Le chef d’al-Qaida a été liquidé par les forces spéciales américaines qui l’ont abattu d’une balle en pleine tête. Une intervention qui s’inscrit aussi dans la nouvelle stratégie afghane de Barack Obama, jouant tout à la fois sur un maintien de l’Otan et un retrait progressif des troupes US.

Quarante minutes ! C’est le temps qu’il aura fallu, selon la version officielle de Washington, pour qu’un de ses commandos héliportés en finisse avec son ennemi public n°1, recherché depuis dix ans au détour des grottes de Tora Bora en Afghanistan puis dans les zones pachtounes pakistanaises.

En fait, c’est dans la résidence luxueuse d’une cité huppée à 50 km d’Islamabad que se cachait depuis plusieurs mois Ben Laden. Mais de ce qui s’est passé à Abbottabad aux alentours de minuit, dans la nuit de dimanche à lundi, nous ne connaissons encore que ce que la Maison-Blanche veut bien laisser filtrer : à savoir que l’opération a été menée par des forces spéciales de la Marine américaine, des Navy Seals, qui ont abattu le chef d’al-Qaida d’une balle dans la tête. Puis que son corps a été emporté par hélicoptère. Des prélèvements ADN ont été effectués afin de permettre une identification formelle.

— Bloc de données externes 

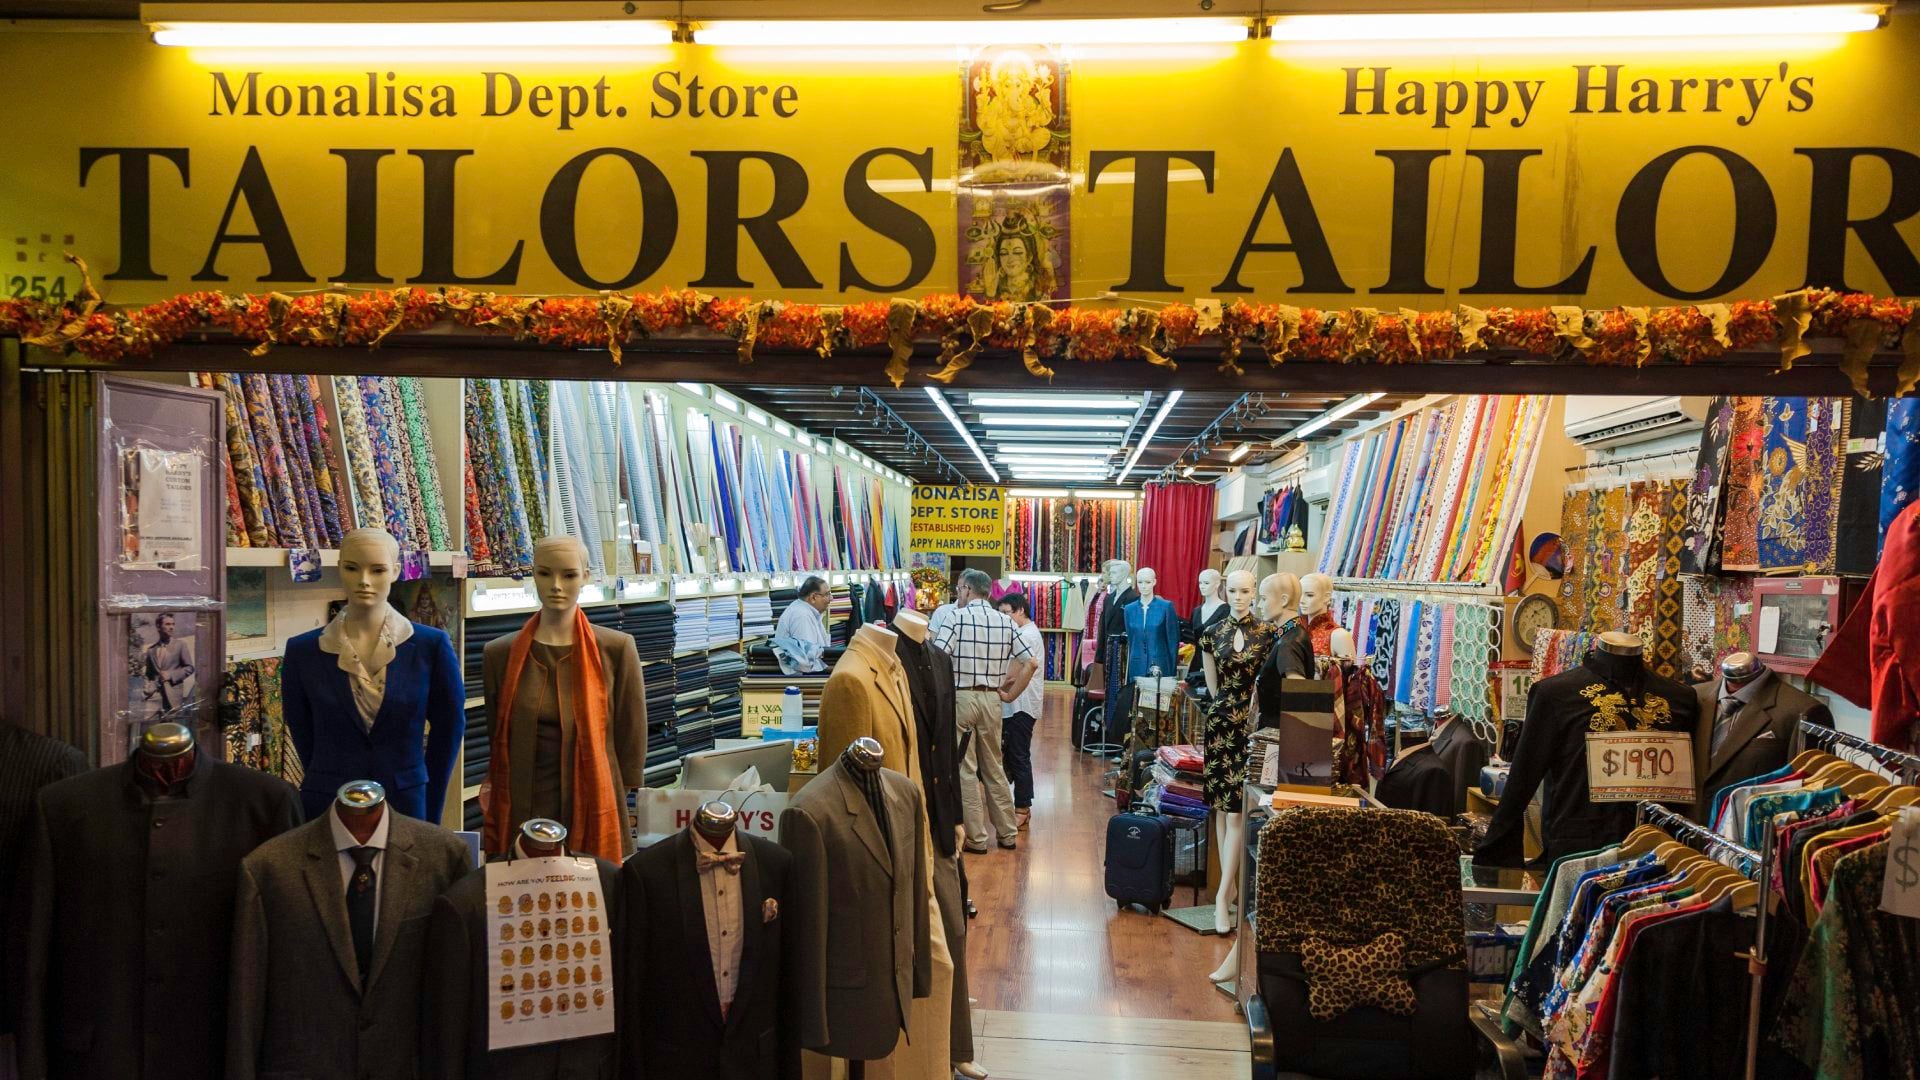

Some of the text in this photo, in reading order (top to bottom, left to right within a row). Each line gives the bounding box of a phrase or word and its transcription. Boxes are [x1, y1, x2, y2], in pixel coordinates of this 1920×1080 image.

[208, 70, 799, 130] Monalisa Dept. Store
[1338, 61, 1815, 129] Happy Harry's
[78, 145, 938, 293] TAILORS
[1088, 146, 1920, 300] TAILOR
[10, 275, 67, 304] 254
[951, 507, 999, 520] STORE
[973, 524, 994, 534] 1965)
[910, 537, 1001, 550] APPY HARRY'S SHOP
[762, 704, 783, 713] WA
[676, 809, 774, 831] HY'S
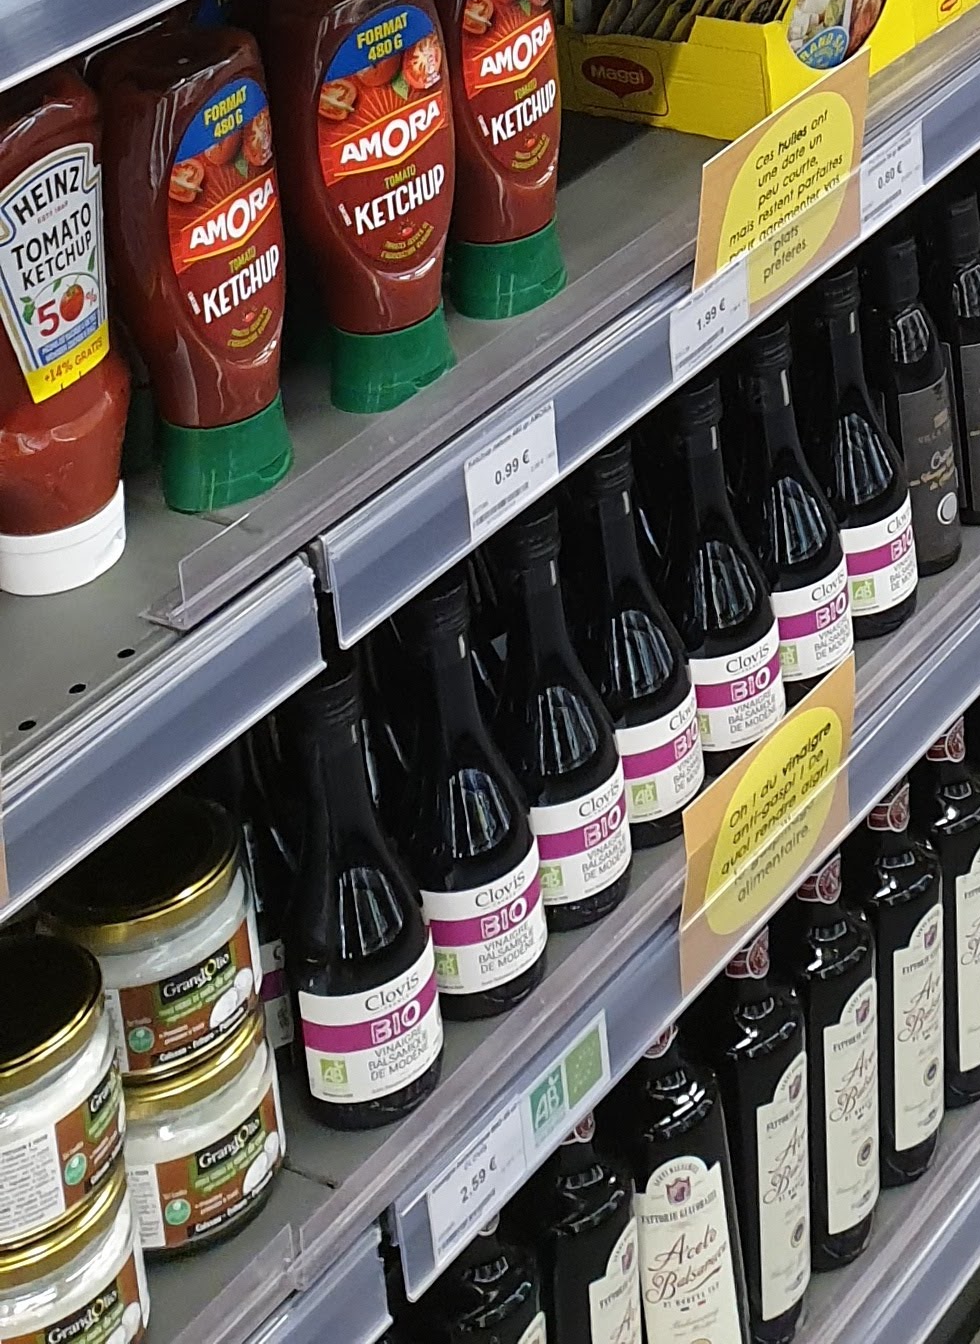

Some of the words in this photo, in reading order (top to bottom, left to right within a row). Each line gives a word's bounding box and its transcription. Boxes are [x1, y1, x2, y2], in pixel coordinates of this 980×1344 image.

[357, 12, 408, 48] FORMAT
[368, 40, 392, 61] 480
[480, 18, 552, 78] AMORA
[590, 63, 646, 87] Maggi
[340, 99, 441, 165] AMORA
[491, 80, 557, 145] KETCHUP
[755, 150, 775, 170] Ces
[777, 126, 807, 156] huiles
[811, 109, 828, 131] ont
[757, 166, 778, 188] une
[782, 146, 805, 170] date
[809, 133, 823, 149] un
[12, 166, 80, 225] HEINZ
[355, 163, 445, 235] KETCHUP
[384, 163, 416, 190] TOMATO
[757, 183, 779, 210] peu
[190, 178, 275, 249] AMORA
[729, 221, 755, 248] mais
[758, 189, 794, 225] restent
[797, 153, 843, 198] parfaites
[11, 202, 92, 271] TOMATO
[774, 224, 799, 255] plats
[21, 230, 92, 291] KETCHUP
[203, 245, 280, 324] KETCHUP
[696, 306, 718, 331] 1.99
[74, 337, 103, 365] GRATIS
[495, 458, 519, 485] 0.99
[725, 641, 770, 674] Clovis
[730, 666, 772, 702] BIO
[729, 805, 748, 828] Oh
[760, 773, 778, 798] du
[782, 722, 832, 777] vinaigre
[732, 772, 796, 845] anti-gaspi
[809, 749, 824, 769] De
[721, 837, 751, 875] quoi
[755, 794, 797, 843] rendre
[475, 870, 525, 908] Clovis
[480, 897, 528, 939] BIO
[364, 971, 420, 1011] Clovis
[371, 1000, 421, 1045] BIO
[460, 1169, 486, 1203] 2.59
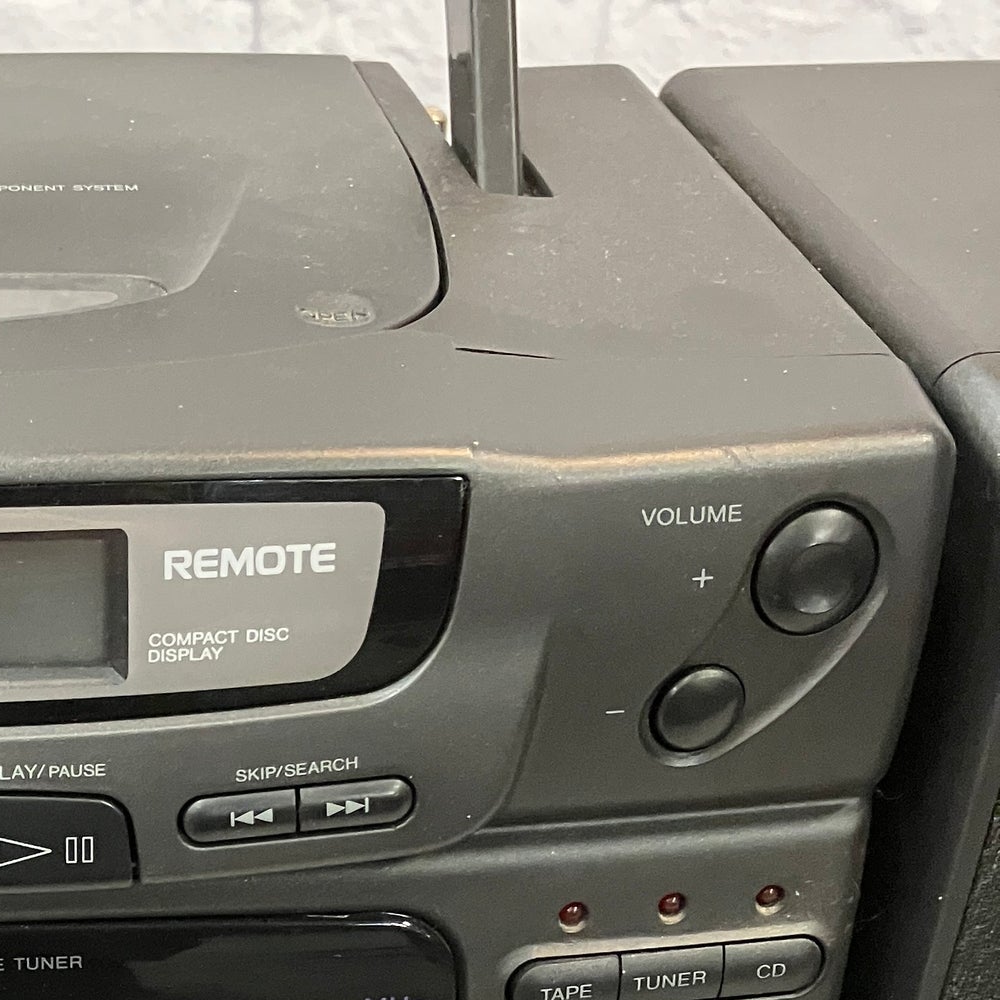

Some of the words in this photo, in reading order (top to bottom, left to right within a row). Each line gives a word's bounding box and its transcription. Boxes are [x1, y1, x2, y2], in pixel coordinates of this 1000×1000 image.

[72, 183, 139, 192] SYSTEM
[641, 503, 743, 526] VOLUME
[163, 542, 337, 581] REMOTE
[148, 629, 239, 647] COMPACT
[246, 627, 289, 643] DISC
[148, 647, 224, 663] DISPLAY
[234, 756, 359, 784] SKIP/SEARCH
[14, 955, 83, 971] TUNER
[756, 963, 786, 979] CD
[633, 970, 707, 991] TUNER

Peu de temps après, Barack Obama annonçait spectaculairement la nouvelle tandis que l’« histoire » américaine de la traque et de l’assaut final était révélée au grand public, avec un grand souci de détails complexes sans pourtant éluder les questions comme le sort réservé au corps du Saoudien. D’après le New York Times et les chaînes de télévision CNN et MSNBC, il aurait été emmené en Afghanistan. Il aurait été ensuite «immergé», voire «inhumé» en haute mer. Une démarche destinée à éviter que son lieu de sépulture ne devienne lieu de pèlerinage ; ce qu’ont confirmé plusieurs responsables américains sous couvert d’anonymat.

 

 Une opération prévue de longue date

L’opération militaire au cœur du Pakistan était prévue de longue date, puisqu’il semble que la présence du chef d’al-Qaida à Abbottabad ait été repérée depuis août dernier. Entre-temps l’administration Obama a peaufiné sa nouvelle stratégie régionale, décidant conjointement l’envoi de nouveaux renforts en Afghanistan, où les États-Unis s’embourbent depuis dix ans, et le retrait des premières troupes américaines en juillet prochain. Pour l’opinion publique américaine, la mort de Ben Laden confirmera le sentiment que la guerre n’y est plus nécessaire. La Maison-Blanche pourrait annoncer le rappel de quelque cinq mille soldats sur les cent mille qui sont engagés. Ce qui ne signifie en rien la fin du conflit, comme l’a rappelé le secrétaire général de l’Otan, Anders Fogh Rasmussen, épaulé par le ministre français des Affaires étrangères, Alain Juppé, tous deux estimant que les opérations militaires de l’alliance en Afghanistan devaient continuer.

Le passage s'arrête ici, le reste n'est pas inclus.